--- WHAT TO PRODUCE ---
Only the lines from the one with "this 1291×2048 image." to the end of the records are wanted, each repeated exactly, both ends included.

-- STORED DATA follows --

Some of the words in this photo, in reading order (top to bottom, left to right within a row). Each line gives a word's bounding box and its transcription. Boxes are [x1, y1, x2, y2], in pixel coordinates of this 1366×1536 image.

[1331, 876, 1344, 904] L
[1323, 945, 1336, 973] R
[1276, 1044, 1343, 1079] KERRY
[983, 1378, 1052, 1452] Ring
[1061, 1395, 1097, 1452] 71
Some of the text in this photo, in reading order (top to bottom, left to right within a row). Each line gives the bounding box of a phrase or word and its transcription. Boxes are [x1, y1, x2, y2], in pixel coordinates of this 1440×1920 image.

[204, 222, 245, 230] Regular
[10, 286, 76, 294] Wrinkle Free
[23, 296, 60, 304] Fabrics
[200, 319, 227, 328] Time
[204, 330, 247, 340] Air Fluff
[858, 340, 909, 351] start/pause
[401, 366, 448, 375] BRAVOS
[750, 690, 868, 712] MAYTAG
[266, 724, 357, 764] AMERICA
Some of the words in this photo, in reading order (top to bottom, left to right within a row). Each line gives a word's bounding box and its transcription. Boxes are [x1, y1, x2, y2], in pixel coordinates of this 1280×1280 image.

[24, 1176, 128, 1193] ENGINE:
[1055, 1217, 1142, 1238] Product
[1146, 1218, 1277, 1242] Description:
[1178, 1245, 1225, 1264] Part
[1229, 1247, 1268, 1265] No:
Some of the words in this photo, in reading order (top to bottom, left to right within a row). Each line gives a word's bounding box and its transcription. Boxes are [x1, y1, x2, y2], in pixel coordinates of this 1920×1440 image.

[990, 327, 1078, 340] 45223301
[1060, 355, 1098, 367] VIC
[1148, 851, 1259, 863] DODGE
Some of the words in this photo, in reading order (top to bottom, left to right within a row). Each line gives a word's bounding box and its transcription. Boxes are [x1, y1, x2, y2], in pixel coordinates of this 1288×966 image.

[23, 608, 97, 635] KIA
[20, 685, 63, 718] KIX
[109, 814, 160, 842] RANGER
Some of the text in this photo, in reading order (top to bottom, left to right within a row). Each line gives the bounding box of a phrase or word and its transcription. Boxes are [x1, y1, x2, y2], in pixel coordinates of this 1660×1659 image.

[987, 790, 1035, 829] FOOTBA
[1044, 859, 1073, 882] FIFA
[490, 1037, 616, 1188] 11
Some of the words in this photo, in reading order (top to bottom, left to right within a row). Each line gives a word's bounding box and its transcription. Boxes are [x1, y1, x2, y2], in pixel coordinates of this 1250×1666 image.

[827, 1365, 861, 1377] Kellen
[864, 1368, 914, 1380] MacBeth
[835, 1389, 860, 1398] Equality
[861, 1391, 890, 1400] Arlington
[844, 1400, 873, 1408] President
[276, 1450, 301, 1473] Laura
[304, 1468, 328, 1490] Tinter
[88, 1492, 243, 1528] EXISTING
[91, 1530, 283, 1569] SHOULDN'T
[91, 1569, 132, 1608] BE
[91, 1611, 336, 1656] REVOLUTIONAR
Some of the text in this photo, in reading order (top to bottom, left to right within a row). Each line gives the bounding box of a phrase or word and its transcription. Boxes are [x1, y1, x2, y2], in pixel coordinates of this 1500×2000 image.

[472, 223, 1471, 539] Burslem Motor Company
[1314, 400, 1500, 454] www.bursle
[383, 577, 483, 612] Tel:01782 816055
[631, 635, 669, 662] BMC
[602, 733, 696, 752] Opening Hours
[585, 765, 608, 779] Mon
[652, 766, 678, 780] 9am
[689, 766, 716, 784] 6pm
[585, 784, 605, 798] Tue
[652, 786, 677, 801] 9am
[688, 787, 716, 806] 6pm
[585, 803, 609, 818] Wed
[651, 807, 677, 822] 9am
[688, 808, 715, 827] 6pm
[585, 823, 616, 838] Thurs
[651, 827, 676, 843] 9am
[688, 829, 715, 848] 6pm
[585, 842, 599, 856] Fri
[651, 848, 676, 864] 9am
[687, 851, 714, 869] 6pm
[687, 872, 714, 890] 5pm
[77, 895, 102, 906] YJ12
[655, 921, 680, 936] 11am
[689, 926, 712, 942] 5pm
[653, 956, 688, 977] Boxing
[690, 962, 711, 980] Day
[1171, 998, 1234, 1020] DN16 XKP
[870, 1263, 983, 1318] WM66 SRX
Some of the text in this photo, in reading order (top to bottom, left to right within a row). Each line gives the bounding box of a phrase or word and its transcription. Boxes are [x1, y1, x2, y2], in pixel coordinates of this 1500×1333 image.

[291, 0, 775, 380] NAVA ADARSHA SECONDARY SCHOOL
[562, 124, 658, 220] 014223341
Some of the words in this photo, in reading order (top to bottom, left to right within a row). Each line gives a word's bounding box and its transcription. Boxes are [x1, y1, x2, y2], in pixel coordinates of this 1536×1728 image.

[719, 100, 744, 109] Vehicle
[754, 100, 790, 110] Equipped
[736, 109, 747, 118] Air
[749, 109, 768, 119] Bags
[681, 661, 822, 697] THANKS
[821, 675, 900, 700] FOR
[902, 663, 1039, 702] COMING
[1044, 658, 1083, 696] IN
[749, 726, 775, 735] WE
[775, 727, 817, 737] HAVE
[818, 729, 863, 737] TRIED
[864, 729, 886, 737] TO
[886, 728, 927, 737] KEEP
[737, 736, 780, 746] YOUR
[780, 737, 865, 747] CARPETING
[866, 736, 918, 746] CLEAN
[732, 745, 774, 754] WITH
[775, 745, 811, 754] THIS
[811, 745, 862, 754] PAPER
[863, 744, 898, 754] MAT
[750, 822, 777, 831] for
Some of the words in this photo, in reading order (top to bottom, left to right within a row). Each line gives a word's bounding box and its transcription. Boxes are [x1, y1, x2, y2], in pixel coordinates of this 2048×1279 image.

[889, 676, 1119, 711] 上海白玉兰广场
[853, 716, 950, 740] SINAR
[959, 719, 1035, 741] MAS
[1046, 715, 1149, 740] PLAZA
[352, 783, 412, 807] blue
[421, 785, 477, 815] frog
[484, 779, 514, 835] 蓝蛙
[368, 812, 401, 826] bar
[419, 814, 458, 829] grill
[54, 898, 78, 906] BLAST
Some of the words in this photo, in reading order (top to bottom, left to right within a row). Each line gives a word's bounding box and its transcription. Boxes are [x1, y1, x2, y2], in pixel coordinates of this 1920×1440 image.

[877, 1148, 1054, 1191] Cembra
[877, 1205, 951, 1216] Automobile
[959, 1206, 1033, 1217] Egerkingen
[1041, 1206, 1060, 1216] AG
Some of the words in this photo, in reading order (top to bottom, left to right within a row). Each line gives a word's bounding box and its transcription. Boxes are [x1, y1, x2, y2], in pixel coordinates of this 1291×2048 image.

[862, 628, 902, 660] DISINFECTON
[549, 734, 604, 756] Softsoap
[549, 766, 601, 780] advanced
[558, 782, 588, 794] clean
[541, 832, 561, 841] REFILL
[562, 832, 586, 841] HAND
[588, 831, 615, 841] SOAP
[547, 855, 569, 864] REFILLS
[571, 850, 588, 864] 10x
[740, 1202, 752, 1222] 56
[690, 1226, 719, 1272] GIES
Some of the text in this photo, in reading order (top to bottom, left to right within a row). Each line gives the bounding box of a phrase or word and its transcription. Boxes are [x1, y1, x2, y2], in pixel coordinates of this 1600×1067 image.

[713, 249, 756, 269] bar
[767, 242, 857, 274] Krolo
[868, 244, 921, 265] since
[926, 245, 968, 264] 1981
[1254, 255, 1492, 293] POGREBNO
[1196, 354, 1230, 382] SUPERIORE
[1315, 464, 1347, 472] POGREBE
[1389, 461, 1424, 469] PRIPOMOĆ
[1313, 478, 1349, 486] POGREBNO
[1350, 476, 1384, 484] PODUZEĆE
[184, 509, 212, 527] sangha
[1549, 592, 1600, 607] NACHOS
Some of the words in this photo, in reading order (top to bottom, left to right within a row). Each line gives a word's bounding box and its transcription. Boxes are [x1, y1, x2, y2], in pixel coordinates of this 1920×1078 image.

-- STORED DATA concluded --

--- ANSWER TO THE EXERCISE ---
Some of the words in this photo, in reading order (top to bottom, left to right within a row). Each line gives a word's bounding box and its transcription. Boxes are [x1, y1, x2, y2], in pixel coordinates of this 1291×2048 image.

[862, 628, 902, 660] DISINFECTON
[549, 734, 604, 756] Softsoap
[549, 766, 601, 780] advanced
[558, 782, 588, 794] clean
[541, 832, 561, 841] REFILL
[562, 832, 586, 841] HAND
[588, 831, 615, 841] SOAP
[547, 855, 569, 864] REFILLS
[571, 850, 588, 864] 10x
[740, 1202, 752, 1222] 56
[690, 1226, 719, 1272] GIES
Some of the text in this photo, in reading order (top to bottom, left to right within a row). Each line gives the bounding box of a phrase or word and its transcription. Boxes are [x1, y1, x2, y2], in pixel coordinates of this 1600×1067 image.

[713, 249, 756, 269] bar
[767, 242, 857, 274] Krolo
[868, 244, 921, 265] since
[926, 245, 968, 264] 1981
[1254, 255, 1492, 293] POGREBNO
[1196, 354, 1230, 382] SUPERIORE
[1315, 464, 1347, 472] POGREBE
[1389, 461, 1424, 469] PRIPOMOĆ
[1313, 478, 1349, 486] POGREBNO
[1350, 476, 1384, 484] PODUZEĆE
[184, 509, 212, 527] sangha
[1549, 592, 1600, 607] NACHOS
Some of the words in this photo, in reading order (top to bottom, left to right within a row). Each line gives a word's bounding box and its transcription. Boxes are [x1, y1, x2, y2], in pixel coordinates of this 1920×1078 image.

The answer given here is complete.